Do the drugs explain his on-stage memory loss in Belfast last year, which was reported in a Scottish tabloid? For the first and only time our 90-minute chat, Connolly loses his rag.

“Oh that was bulls**t!” he blares. “It makes me so f***ing angry! I’ve lost my train of thought all my career! It’s what makes me different from everybody else – ‘Where was I, what was I saying?’ But some idiot with a pencil in Glasgow, some journalist w****r...” he spits. “They even said I had Alzheimer’s, and had experts in talking about me without asking me. That’s cruelty.”

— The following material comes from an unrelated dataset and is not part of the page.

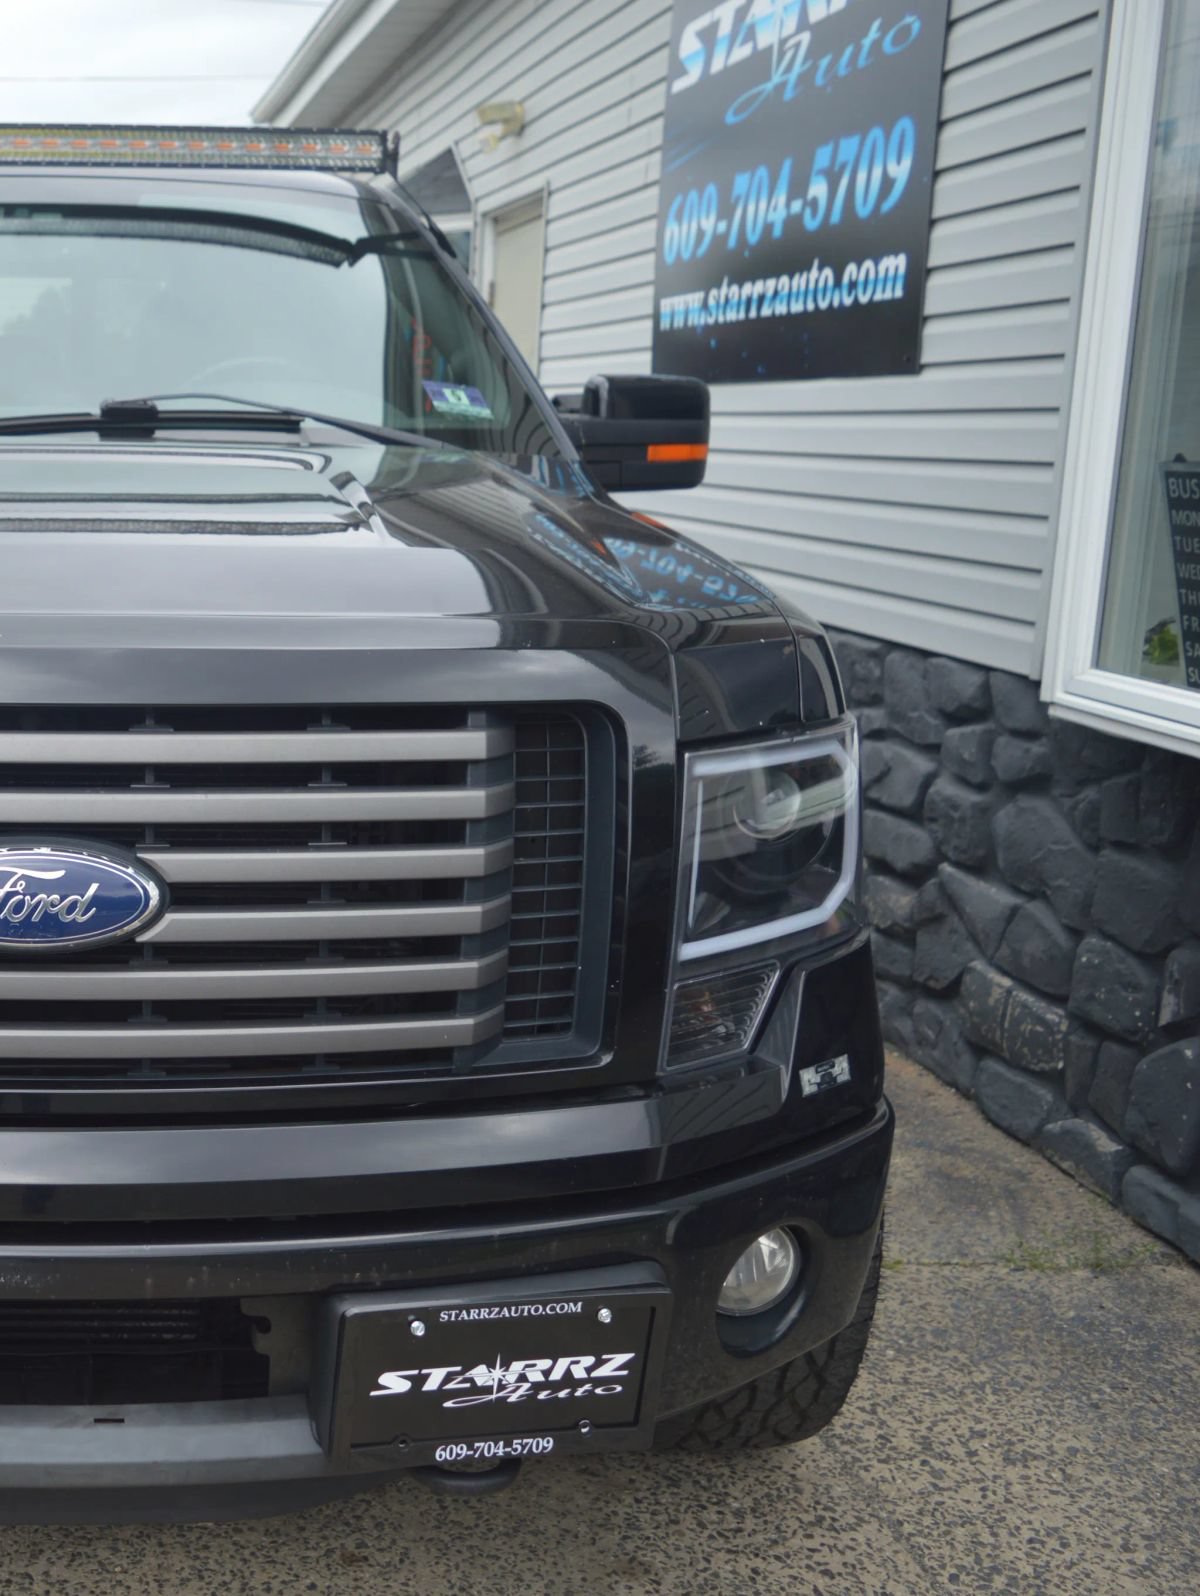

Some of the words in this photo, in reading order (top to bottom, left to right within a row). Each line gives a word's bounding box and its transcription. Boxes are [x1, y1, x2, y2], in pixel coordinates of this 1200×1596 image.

As he says, digressing has always been part of his shtick. “I just ramble off and come back ages later.” Recovering his sparkle, he recalls, “I once had a guy following me from [a gig in] Morecambe to get the second half of a story. Eventually he got it in Blackpool.”

His British fans will get the chance to see Billy Connolly in waffly action come September. Which means he’ll be back in the United Kingdom around the time of the referendum on Scottish independence.

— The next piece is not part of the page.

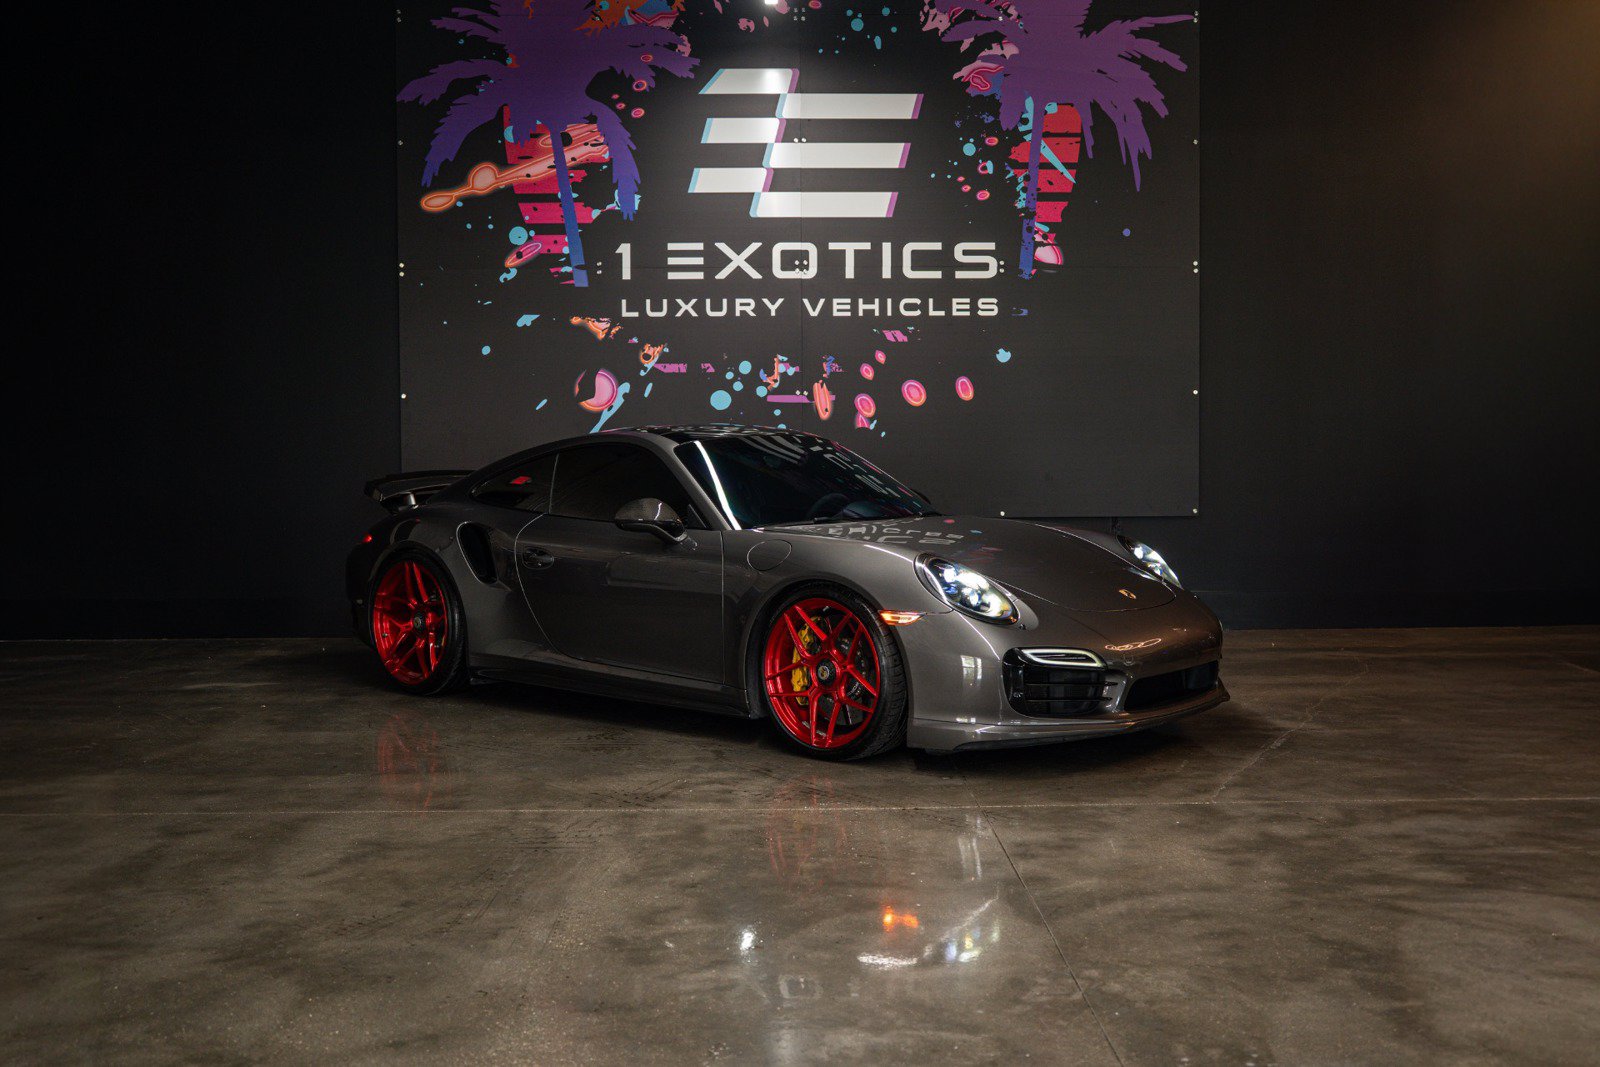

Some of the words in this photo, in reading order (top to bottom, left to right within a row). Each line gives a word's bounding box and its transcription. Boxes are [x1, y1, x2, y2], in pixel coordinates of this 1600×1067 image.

[615, 243, 631, 280] 1
[667, 242, 998, 279] EXOTICS
[621, 298, 785, 317] LUXURY
[802, 298, 999, 317] VEHICLES

Three years ago, this long-time expat (although he and Stephenson make regular trips to their home in Aberdeenshire) described himself as “not a nationalist. Never have been, never will be”. More recently, at the end of 2012, he was quoted as saying he “didn’t believe” in devolution, far less independence.

“I don’t believe in having more layers of government that ordinary people will have to pay for. I think it’s time for people to get together, not split apart. The more people stay together, the happier they’ll be.”

Six months shy of his homeland’s date with destiny, is he still pro-Union?

“I don’t have great belief in the Union of England and Scotland. But I have a great belief in the union of the human race.”

So would he vote no to independence?

“I’m not gonna say. It’s too important for people like me to put in their tuppenceworth.”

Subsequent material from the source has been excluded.